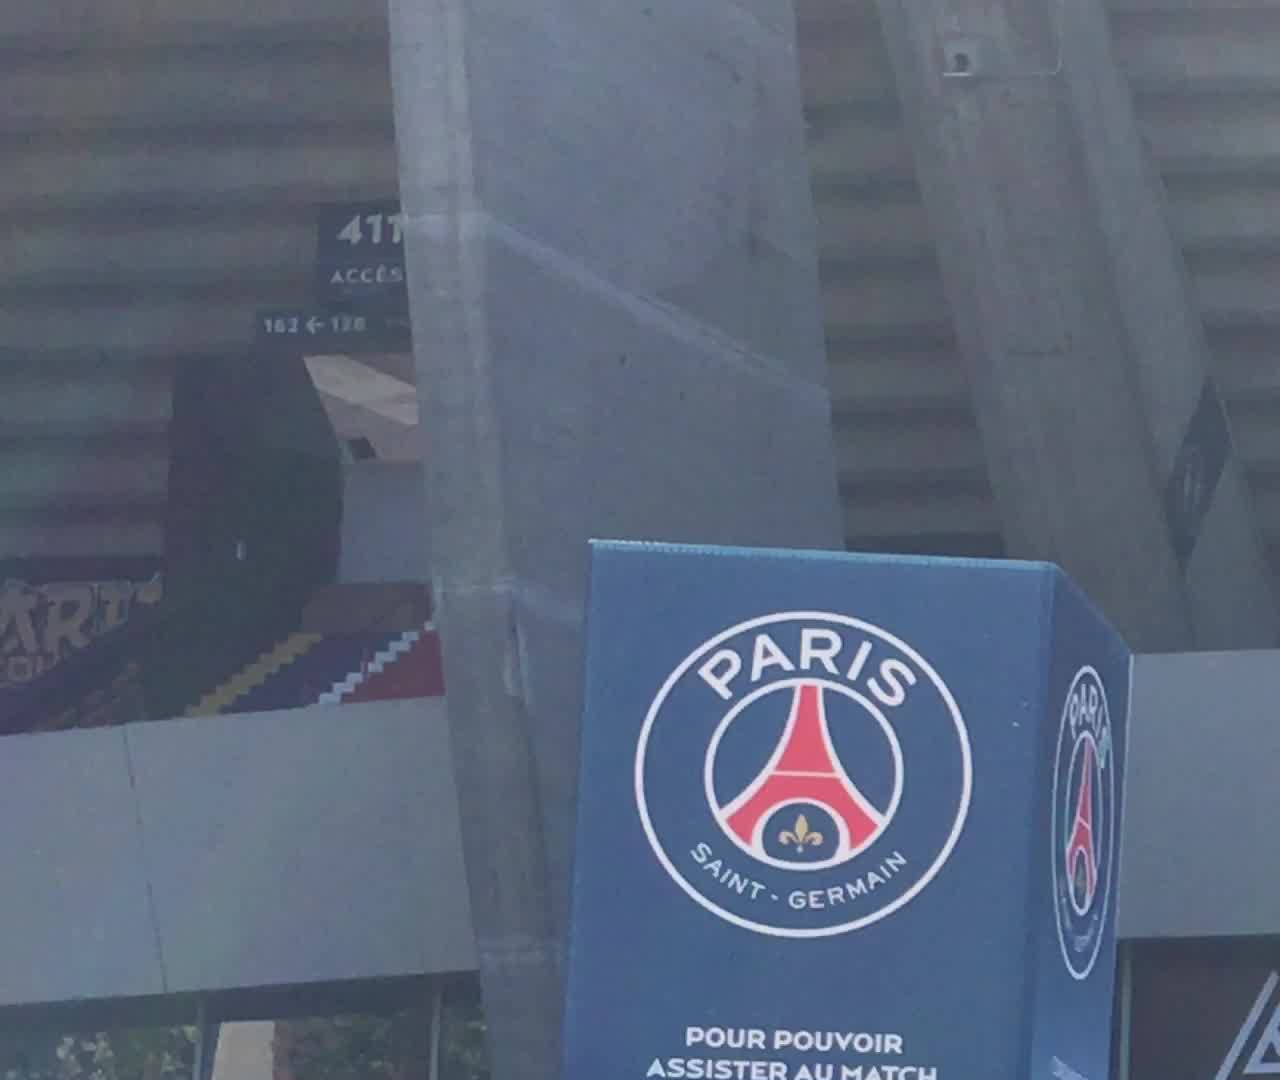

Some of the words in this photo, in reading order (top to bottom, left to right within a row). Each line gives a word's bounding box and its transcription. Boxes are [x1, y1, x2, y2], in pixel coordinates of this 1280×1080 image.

[698, 628, 917, 707] PARIS
[690, 843, 766, 902] SAINT
[789, 851, 908, 910] GERMAIN
[686, 1027, 765, 1049] POUR
[774, 1030, 903, 1054] POUVOIR
[647, 1058, 787, 1080] ASSISTER

---

Would you transcribe the listing above line by line, exactly, leaving every picture out?

● **Expected answer**:
Some of the words in this photo, in reading order (top to bottom, left to right within a row). Each line gives a word's bounding box and its transcription. Boxes are [x1, y1, x2, y2], in pixel coordinates of this 1280×1080 image.

[698, 628, 917, 707] PARIS
[690, 843, 766, 902] SAINT
[789, 851, 908, 910] GERMAIN
[686, 1027, 765, 1049] POUR
[774, 1030, 903, 1054] POUVOIR
[647, 1058, 787, 1080] ASSISTER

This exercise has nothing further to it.